Part I of The Eagle Premier Story covered the inception of the collaborative AMC-Renault X-58 project in 1982, and its front-drive full-size flagship goal. It was to be an all-new car to lead AMC’s North American offerings. In today’s installment, we’ll take a look at the stylish sedan’s technical details more closely.

And a stylish four-door it was, though not groundbreaking. Legendary designer Giorgetto Giugiaro went with an expected three-box design that was angular at the ends, smooth along the sides, with minimal trim fripperies and very limited chrome. The headline image is the finalized work from Italdesign circa 1987. Unusual for a domestic car, the Premier proudly featured Italdesign Giugiaro badges along its door trim. The sleek shape earned it a drag coefficient of 0.31, which nearly matched the revolutionary Audi 100 (5000) coefficient of 0.29. Speaking of which the cars were similar looking in overall shape, and everyone noticed at the time.

When it went on sale, AMC included an extensive seven-year, 100,000-mile corrosion warranty on that Italian-penned body. The warranty wasn’t the only place where the Premier led its competition. It had brighter headlamps than most cars in its class, a new composite design. The lamps themselves were notable, as they were designed by a company called Valeo. Valeo invented a new complex surface reflector design. Only two cars used this new advanced tech, the Premier and the Citroën XM.

Premier was larger inside than any of its rivals, and AMC implemented the space-efficient design drawn by Dick Teague. Trunk passengers enjoyed a large 16.3 cubic feet of space, excellent for the class. The Premier’s interior was very forward-looking for the mid-Eighties and included plenty of electronic goodies. Standard-looking gauges were paired with lighting and climate controls on pods behind the steering wheel. The unusual setup gave full control to the driver and presented the passenger with access to only the glove box, stereo, and the digital stereo equalizer.
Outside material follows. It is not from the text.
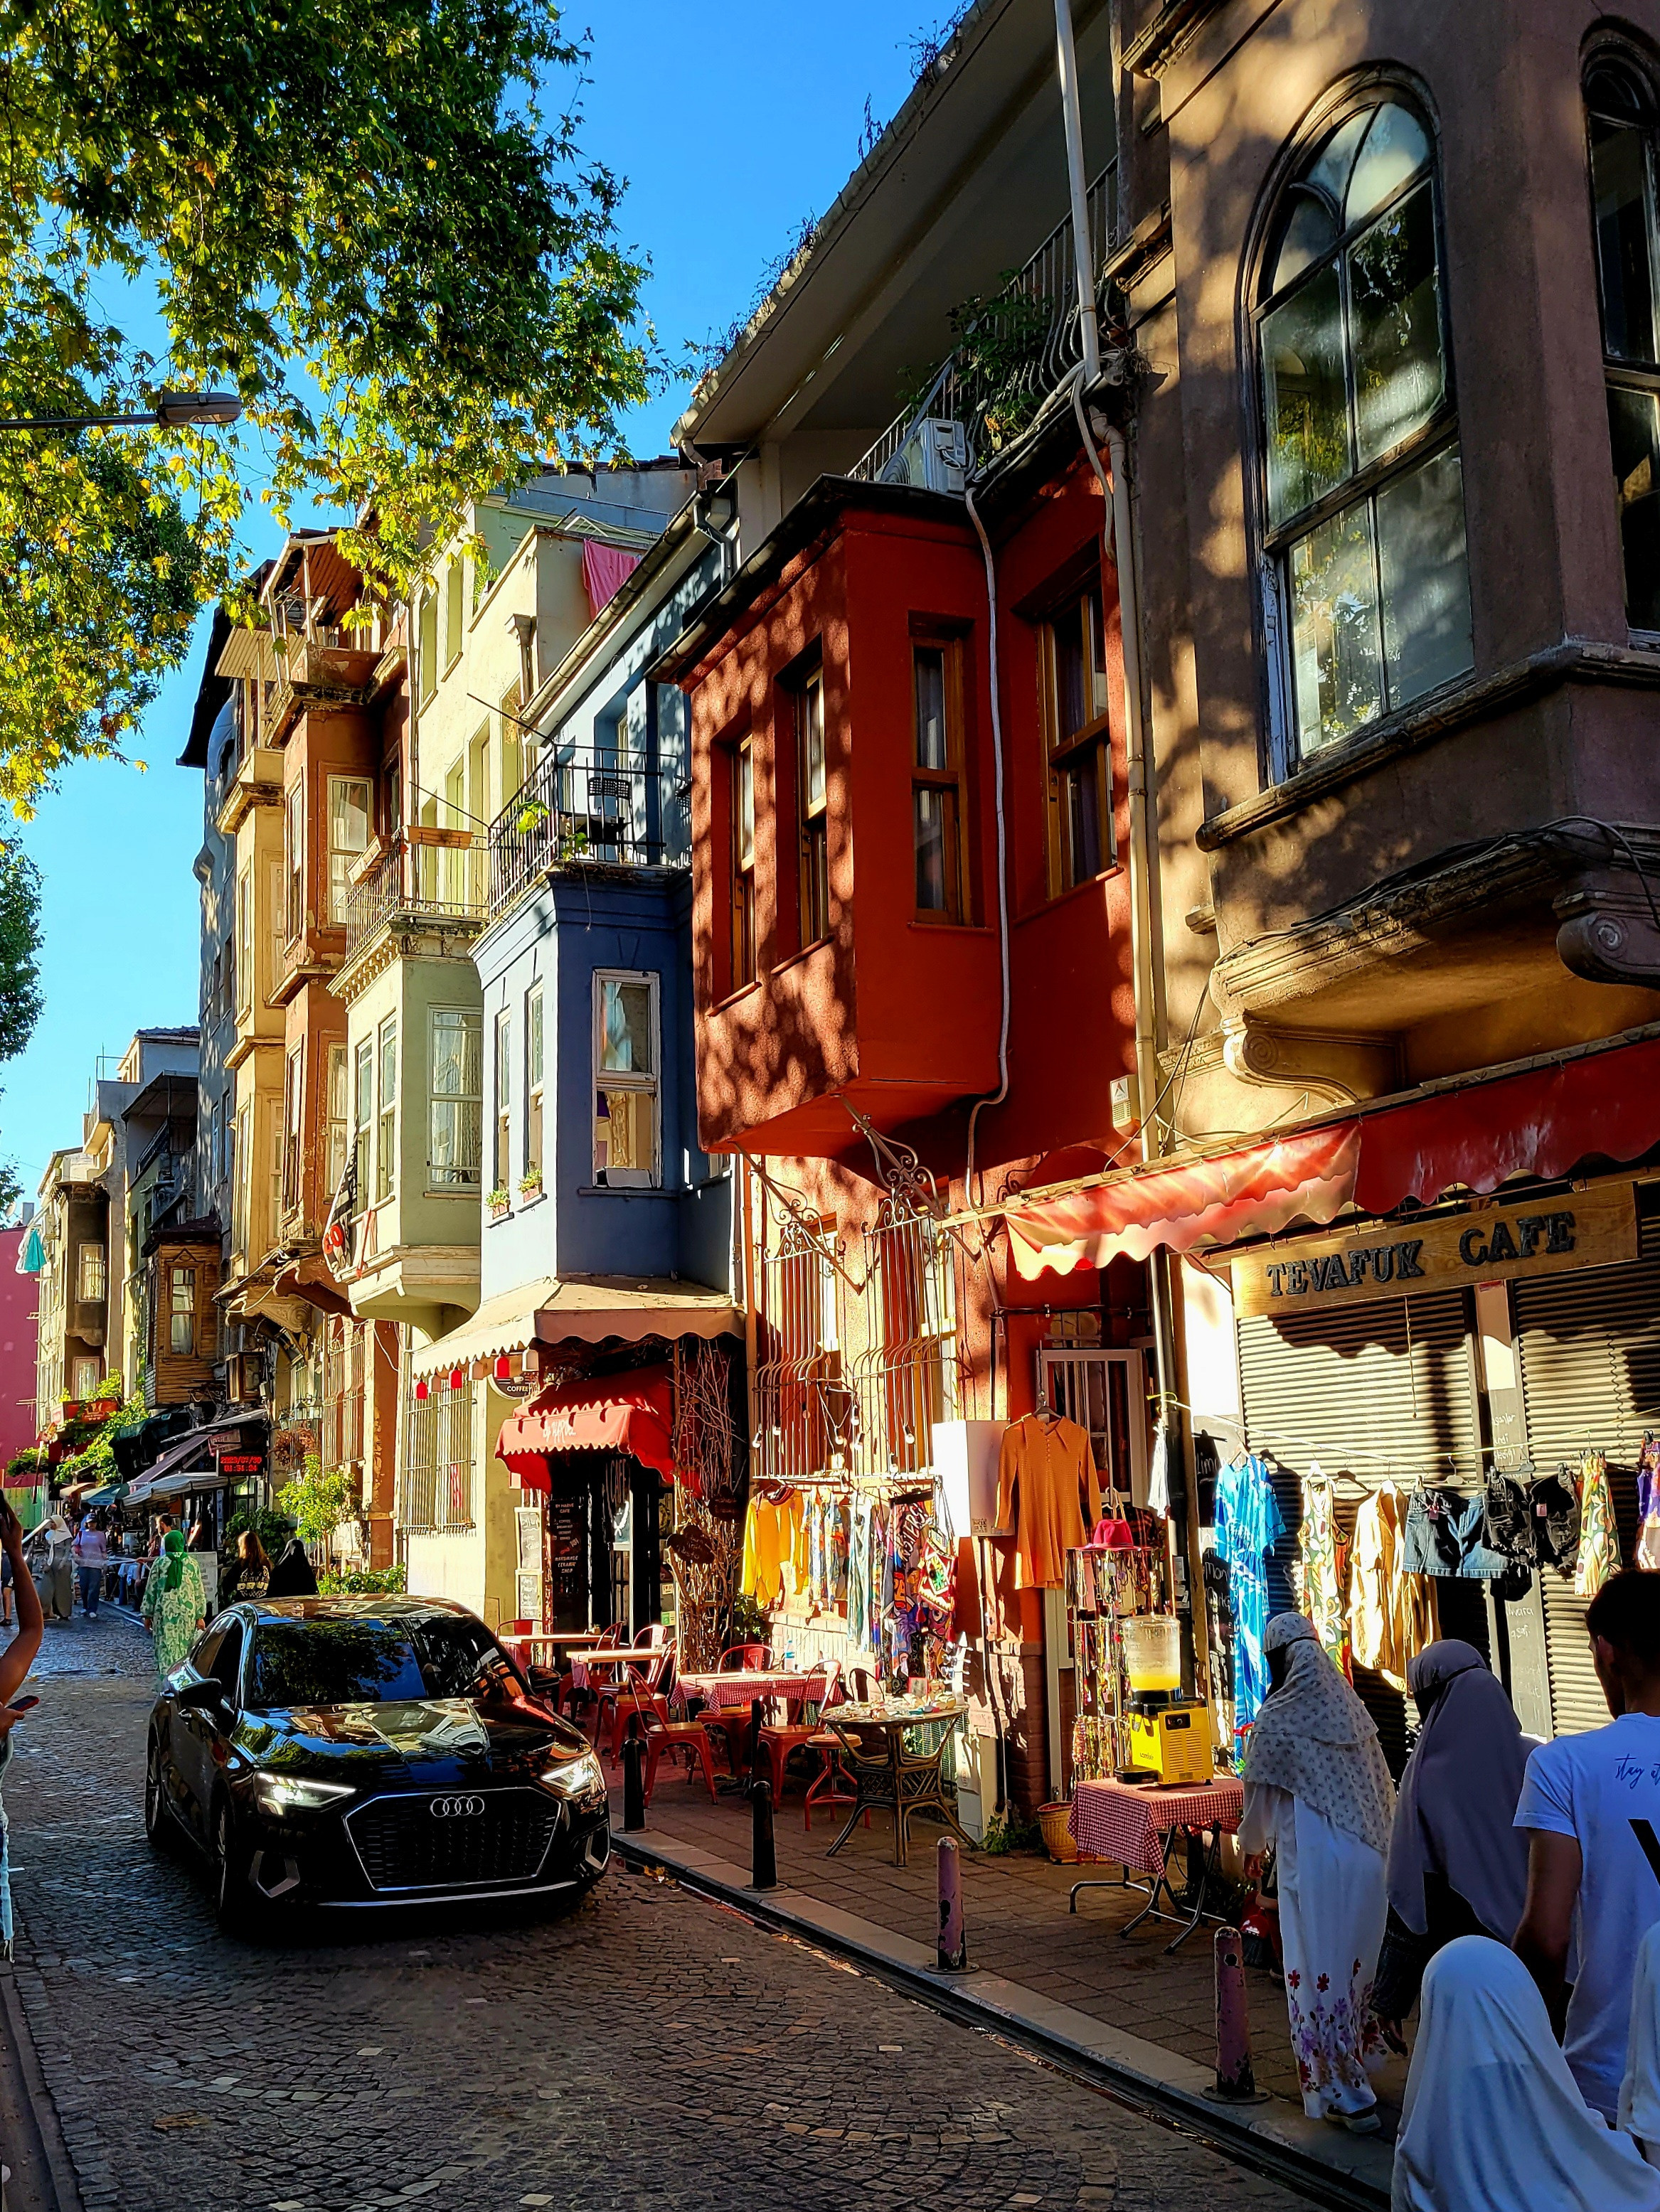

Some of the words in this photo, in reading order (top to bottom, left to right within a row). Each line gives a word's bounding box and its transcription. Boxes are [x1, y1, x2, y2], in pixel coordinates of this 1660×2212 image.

In trims without a console shifter, the shift lever was mounted to the pod on the right instead of the steering column, and sunk into the back of it when the car was placed in drive. Very advanced for the time (and probably annoying), turn signal indicators returned to the neutral position immediately when activated, and the driver heard a noise after completing a turn which indicated the signal was no longer active. Wipers had the expected intermittent function, as well as an automatic speed mode which adjusted itself based upon the quantity of water striking the windshield.
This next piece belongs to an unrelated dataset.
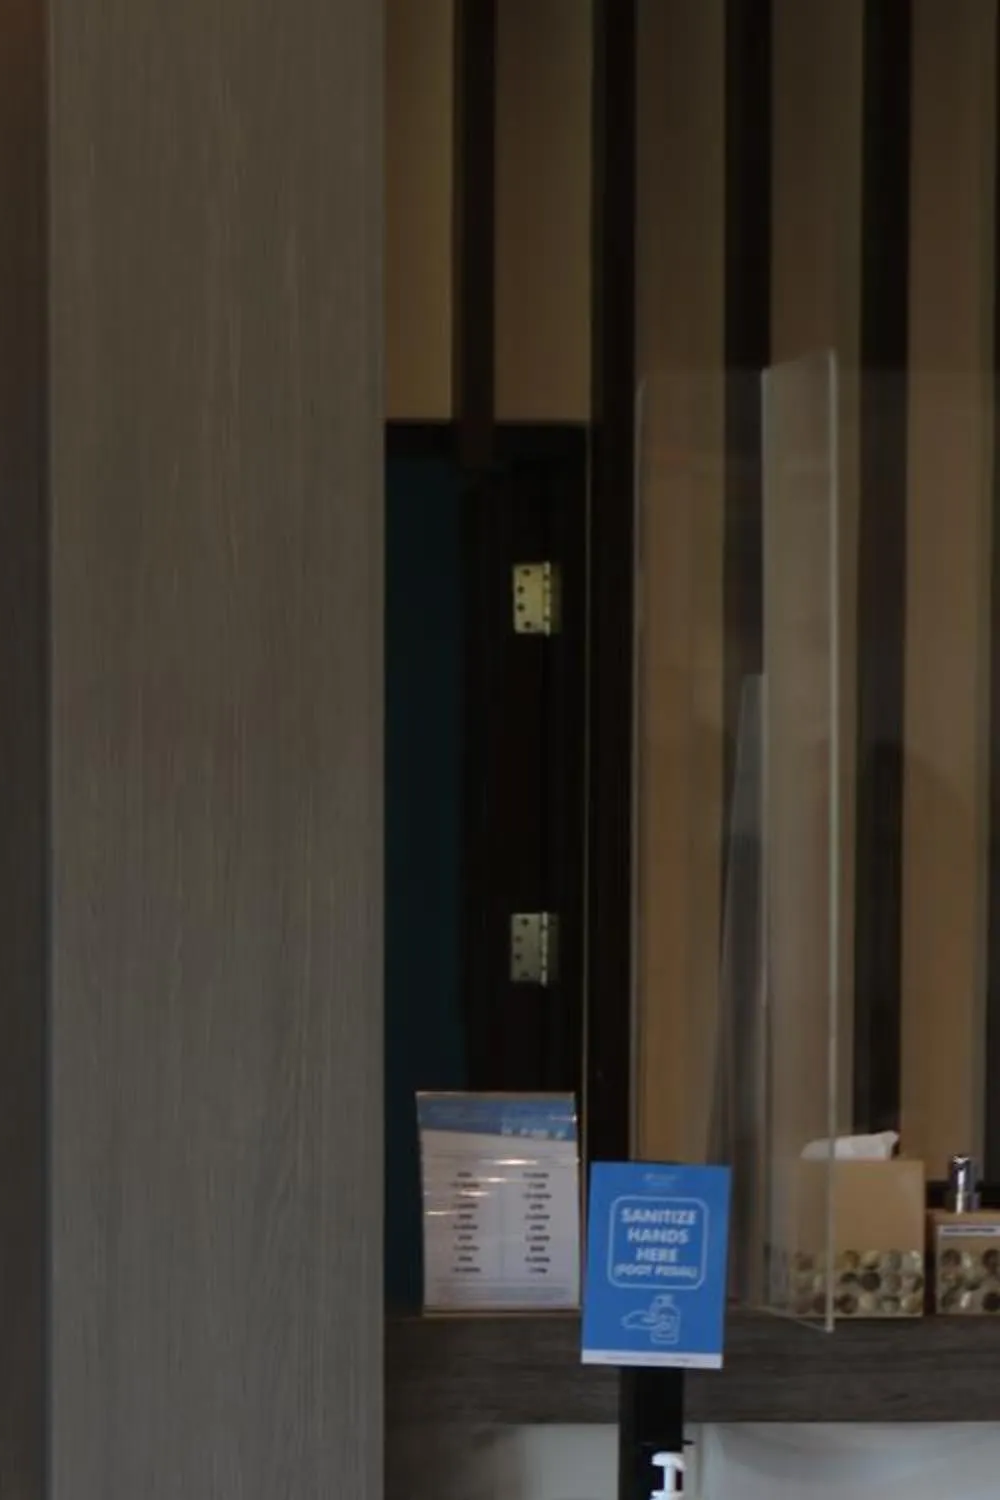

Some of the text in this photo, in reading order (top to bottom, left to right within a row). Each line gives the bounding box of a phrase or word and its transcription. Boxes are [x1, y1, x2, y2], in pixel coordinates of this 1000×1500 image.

[621, 1207, 697, 1226] SANITIZE
[628, 1228, 689, 1245] HANDS
[636, 1247, 678, 1263] HERE
AMC chose not to use any Renault 25 engines in the Premier, as all of them were four-cylinder and from Renault. Instead, base models used a 2.5-liter mill from AMC. The engine was nothing new and was used in the AMC Eagle in 1983, after which it moved into Jeep Cherokee duty. The 2.5 used throttle-body injection and managed just 111 horses. Four-cylinder power was used exclusively in the base LX trim Premier.
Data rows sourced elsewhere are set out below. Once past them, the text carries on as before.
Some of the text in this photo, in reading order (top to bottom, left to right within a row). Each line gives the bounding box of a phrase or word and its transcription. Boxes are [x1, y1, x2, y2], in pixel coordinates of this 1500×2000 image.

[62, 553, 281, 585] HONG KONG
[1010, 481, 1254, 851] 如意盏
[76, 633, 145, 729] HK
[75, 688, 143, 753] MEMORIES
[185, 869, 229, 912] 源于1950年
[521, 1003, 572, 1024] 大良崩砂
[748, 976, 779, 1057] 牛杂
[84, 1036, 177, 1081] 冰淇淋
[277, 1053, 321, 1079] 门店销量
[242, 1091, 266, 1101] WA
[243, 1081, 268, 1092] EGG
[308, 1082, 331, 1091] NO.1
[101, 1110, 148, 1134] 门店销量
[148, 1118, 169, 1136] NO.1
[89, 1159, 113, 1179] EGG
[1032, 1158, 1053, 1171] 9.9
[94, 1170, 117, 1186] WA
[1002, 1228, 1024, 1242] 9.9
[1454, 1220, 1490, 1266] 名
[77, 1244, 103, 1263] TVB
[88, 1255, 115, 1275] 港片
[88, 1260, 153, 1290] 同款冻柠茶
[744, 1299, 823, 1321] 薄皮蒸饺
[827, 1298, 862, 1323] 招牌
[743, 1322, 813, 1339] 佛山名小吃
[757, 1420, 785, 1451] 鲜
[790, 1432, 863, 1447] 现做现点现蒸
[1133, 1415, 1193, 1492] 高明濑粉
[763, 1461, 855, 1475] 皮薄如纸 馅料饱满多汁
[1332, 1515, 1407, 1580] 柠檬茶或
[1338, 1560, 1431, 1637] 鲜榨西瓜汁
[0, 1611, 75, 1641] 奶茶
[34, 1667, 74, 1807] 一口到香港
Customers who felt spendy could option the larger 3.0-liter V6 on the LX, or step up to the top ES trim where it was standard. Said V6 was the PRV V6 of unfortunate acclaim, and variants of it infected many cars. Between 1974 and 1998 the engine was used in sedans, hatchbacks, and vans of various marques, as well as the DeLorean. The V6 at least had fuel injection and made a much more impressive 150 horsepower. Fuel economy was okay at 18 city and 22 highway, but certainly not standout. The V6 Premier took 10 seconds to reach 60, the inline-four took 11.5. All Premiers used a four-speed ZF automatic that was shared with cars like the Renault 25, Audi 100, Saab 9000, and the Porsche 968.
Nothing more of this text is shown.